From the first line to the last, return the data exactly, with no pictures.

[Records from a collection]
◆ ◆ ◆ ◆ ◆ ◆ ◆
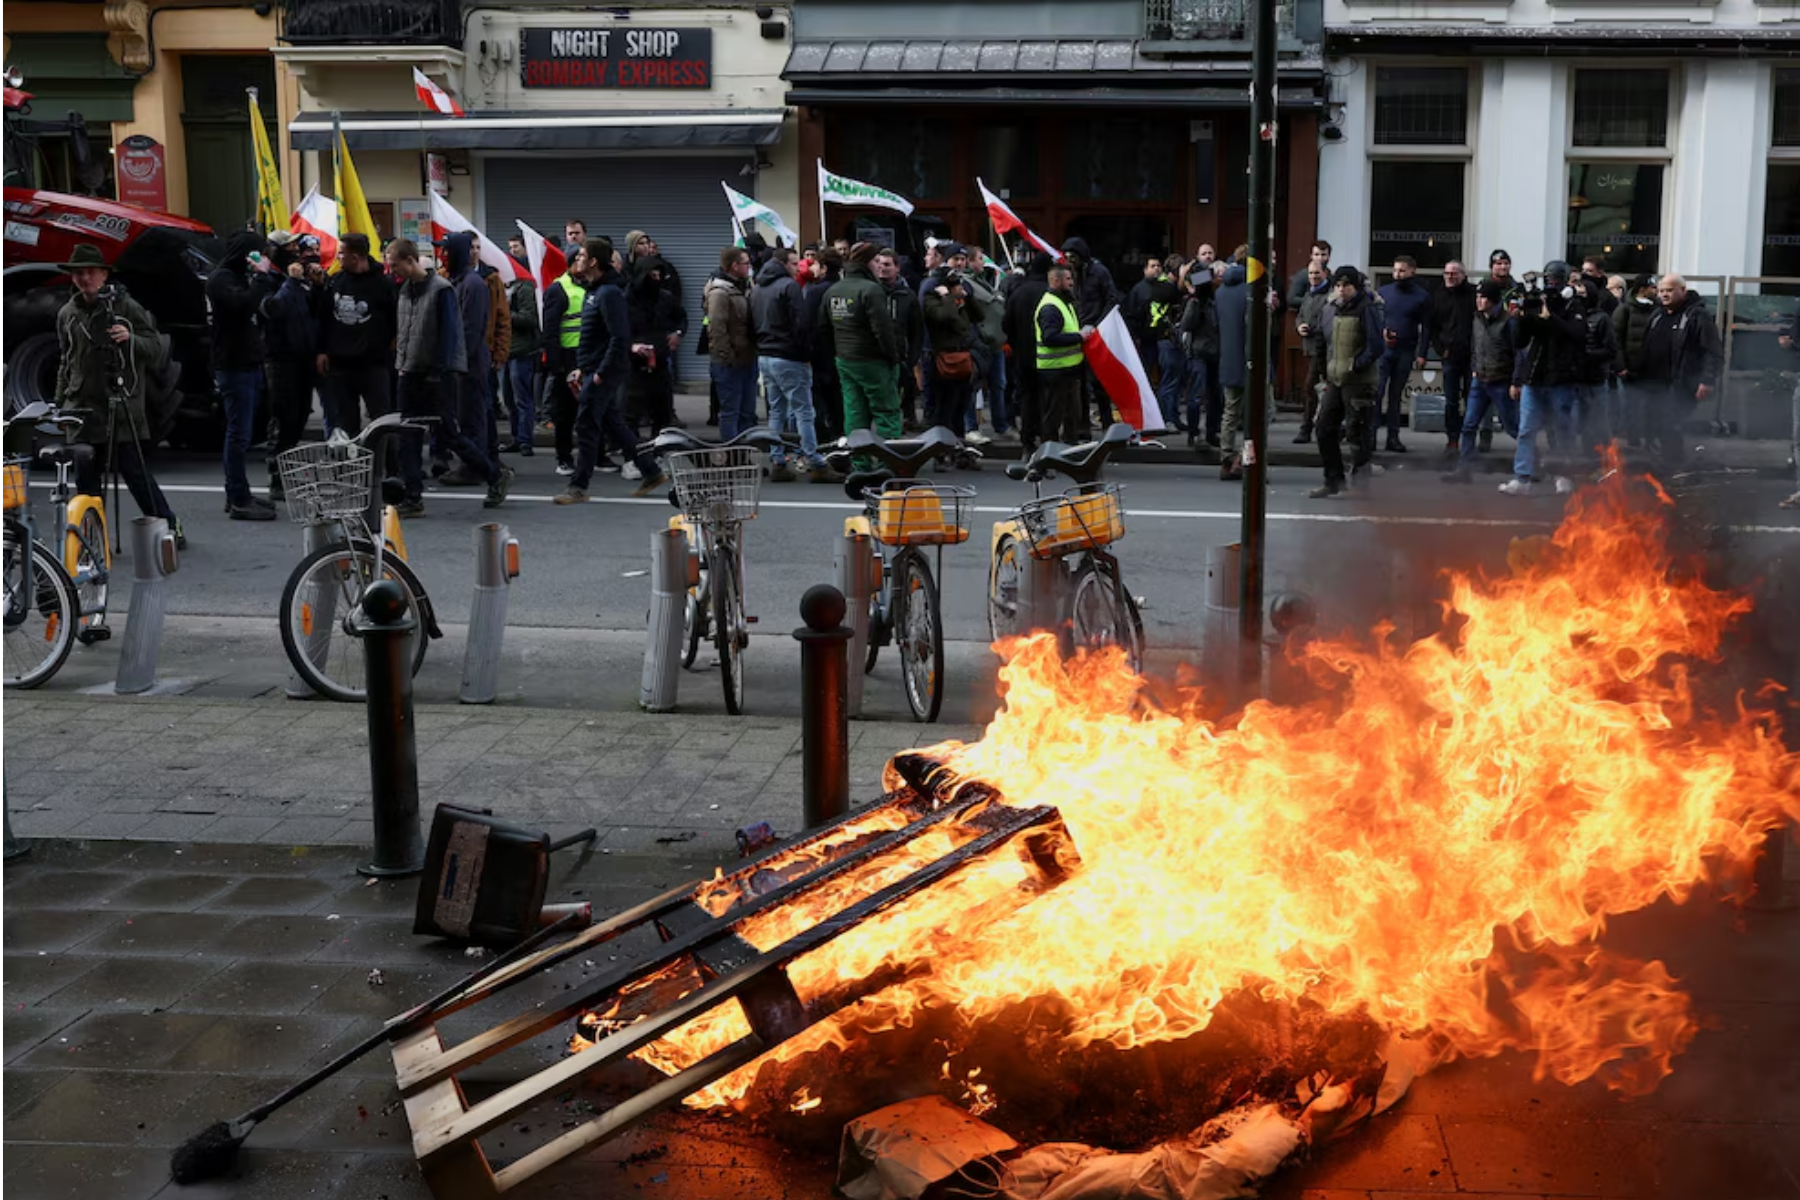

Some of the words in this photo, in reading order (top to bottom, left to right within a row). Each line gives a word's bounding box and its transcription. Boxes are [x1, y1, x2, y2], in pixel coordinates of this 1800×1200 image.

[551, 30, 610, 57] NIGHT
[626, 30, 679, 57] SHOP
[527, 60, 609, 86] BOMBAY
[618, 60, 707, 86] EXPRESS
[96, 214, 130, 232] 200
◆ ◆ ◆ ◆ ◆ ◆ ◆
Solution for this exercise ▸
Some of the words in this photo, in reading order (top to bottom, left to right within a row). Each line gives a word's bounding box and its transcription. Boxes are [x1, y1, x2, y2], in pixel coordinates of this 1800×1200 image.

[551, 30, 610, 57] NIGHT
[626, 30, 679, 57] SHOP
[527, 60, 609, 86] BOMBAY
[618, 60, 707, 86] EXPRESS
[96, 214, 130, 232] 200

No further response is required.